Buy in the UK | Buy in Canada

Karen Pelletier has altogether enough going on in her life. She has papers to grade, classes to teach, and student disputes to resolve. She has an on-going feud with her English department chair over which literary works can appropriately be taught in a liberal arts college and the side she's chosen may end up costing her tenure. She's failing a repulsive student who just happens to be the son of one of the college's trustees. Her ex-boyfriend is getting married. And in her spare time, she's considering writing a book about Mrs Serena Northbury, 19th century author of women's fiction.

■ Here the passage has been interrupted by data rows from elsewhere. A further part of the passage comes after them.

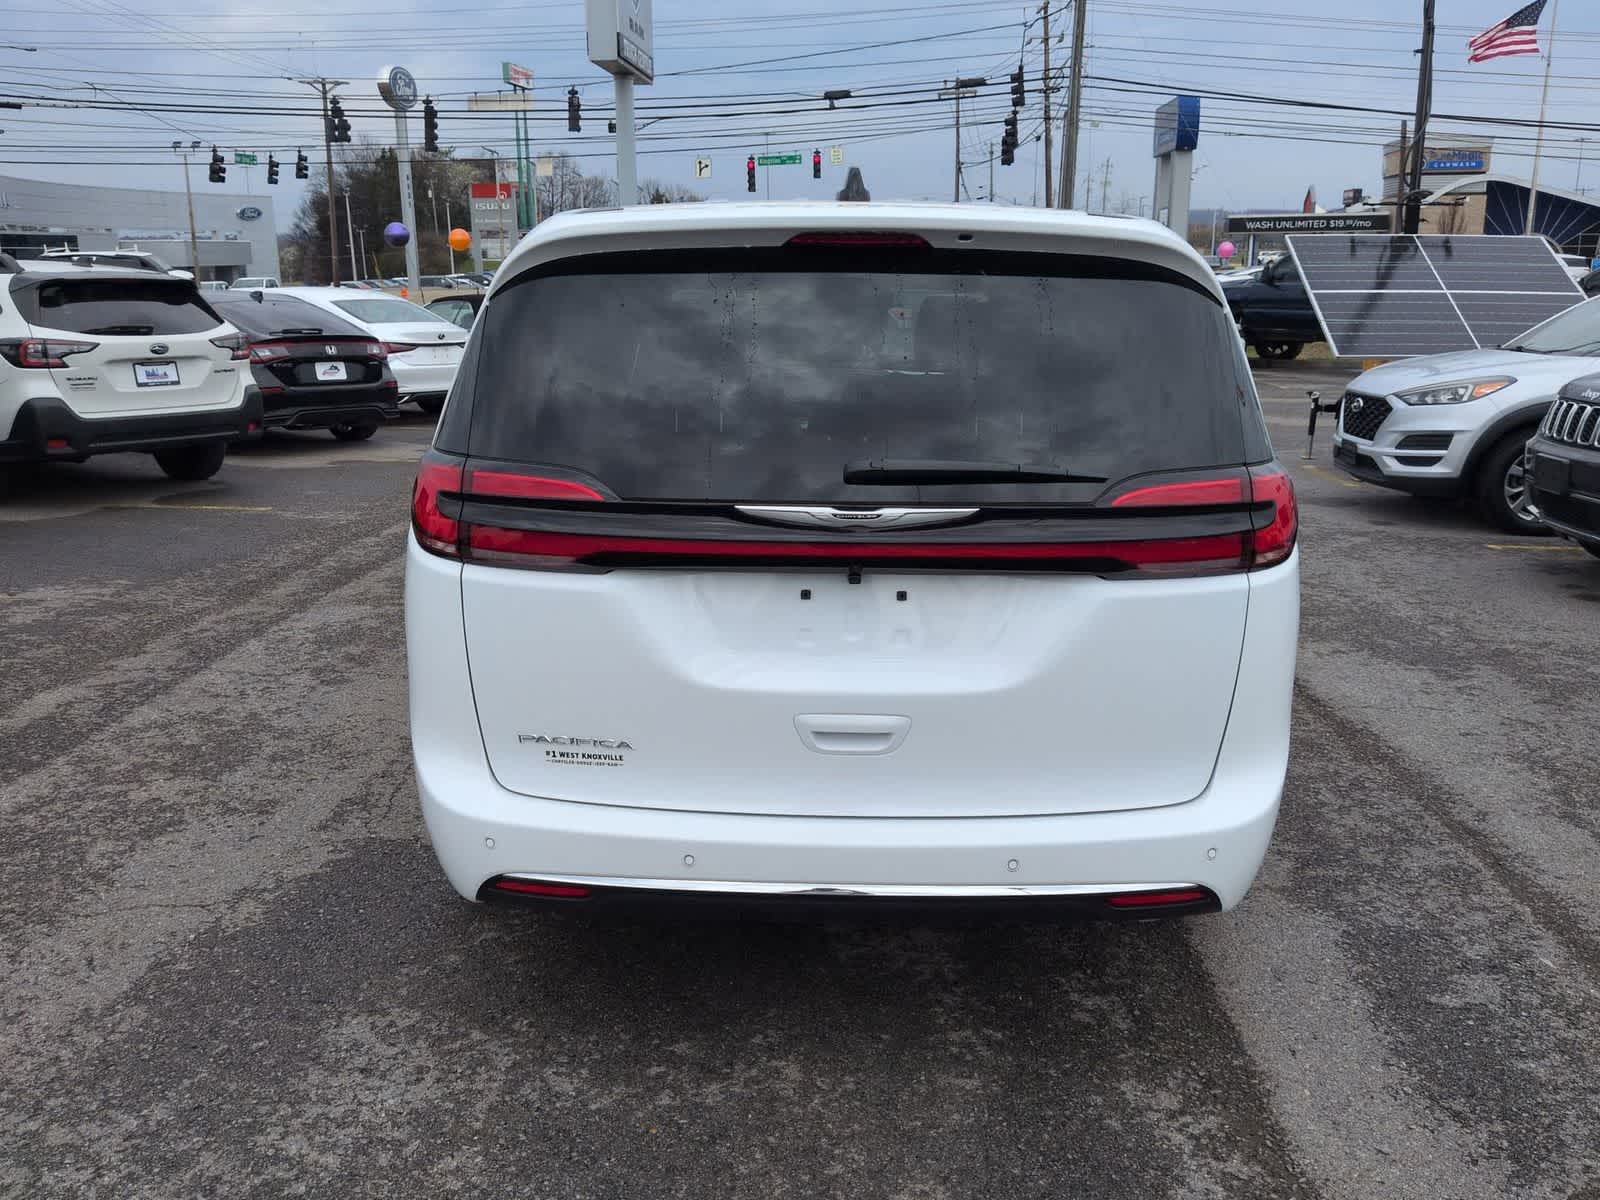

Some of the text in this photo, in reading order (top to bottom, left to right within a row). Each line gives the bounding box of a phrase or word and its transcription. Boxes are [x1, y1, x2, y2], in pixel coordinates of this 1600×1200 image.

[1245, 220, 1274, 230] WASH
[1276, 219, 1327, 229] UNLIMITED
[518, 733, 634, 750] PACIFICA
[559, 751, 579, 759] WEST
[581, 752, 624, 762] KNOXVILLE

When her friend and colleague Jill gives her a well-preserved, expensively-bound copy of Charlotte Bronte's Jane Eyre, Karen is pleased, but when she opens the book and finds that it bears the bookplate of the very Serena Northbury she's been studying, she's more than excited. Through the bookseller Karen traces the book to a woman named Edith Hart who lives on a large estate called Meadowbrook, which is located a short distance from Enfield.

Edith Hart, a feisty but ailing physician, proves to be none other than the great granddaughter of Serena Northbury. In no time Karen has enlisted Edith in the cause of rehabilitating Mrs Northbury. Edith allows her full and unfettered access to all of Serena's papers that languish in the old home's attic. As she sorts through the papers, Karen discovers an unpublished manuscript of Serena's.

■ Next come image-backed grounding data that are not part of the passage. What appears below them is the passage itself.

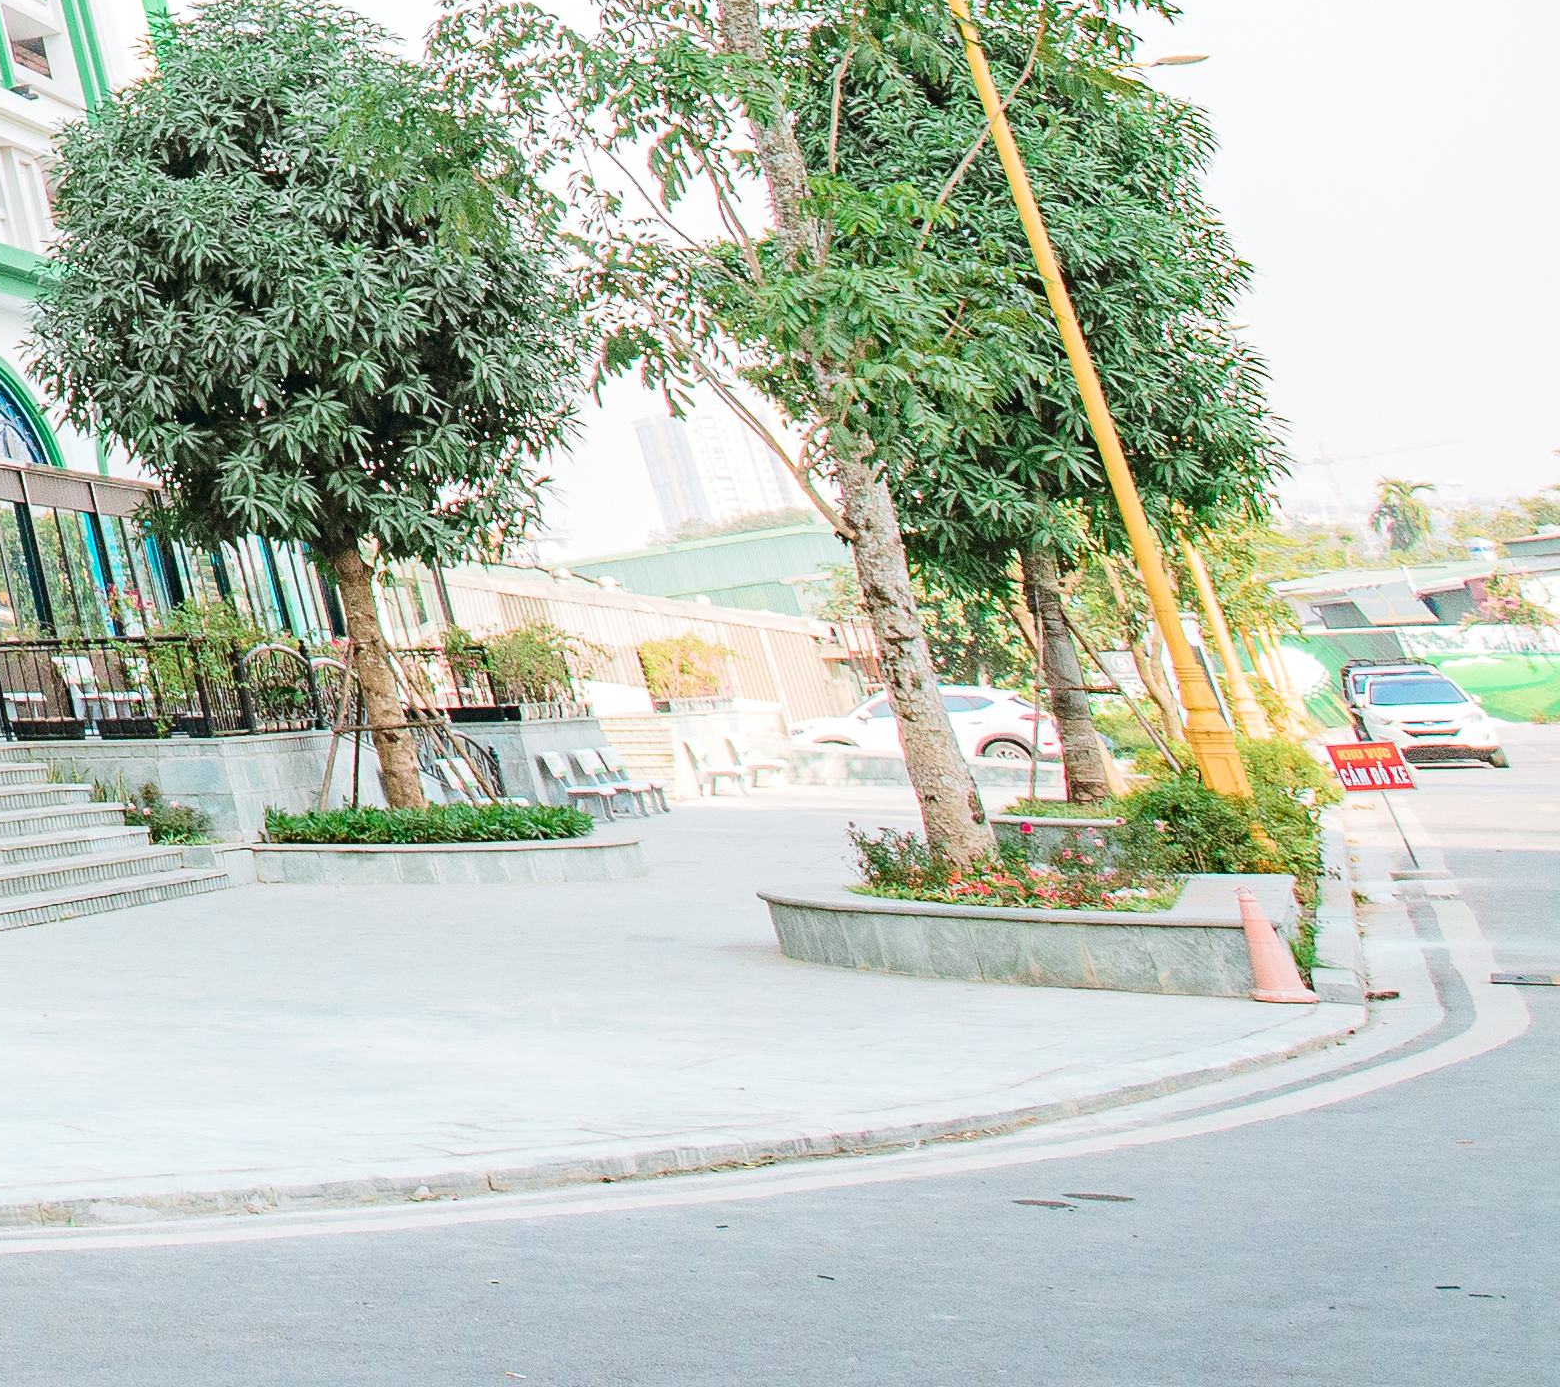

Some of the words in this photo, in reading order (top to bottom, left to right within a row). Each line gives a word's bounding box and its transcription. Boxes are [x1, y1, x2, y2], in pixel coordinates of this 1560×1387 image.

[1336, 749, 1364, 761] KHU
[1364, 747, 1392, 761] VỰC
[1339, 761, 1373, 786] CẤM
[1369, 760, 1391, 785] ĐỖ
[1389, 765, 1412, 785] XE

Edith dies under suspicious circumstances and leaves the whole of the Meadowbrook estate to Karen to establish a center for the study of women's literature. Naturally, this plan arouses the ire of those of Serena's descendants who had other uses in mind for the cash.

Dobson, herself an English professor at Fordham, has given us a fast, entertaining story filled with humorous digs at the academy and its politics as well as sincere passion for the untold stories of women who wrote women's fiction before it was a respectable profession. Those readers who have an interest in feminist literature will find this book particularly satisfying.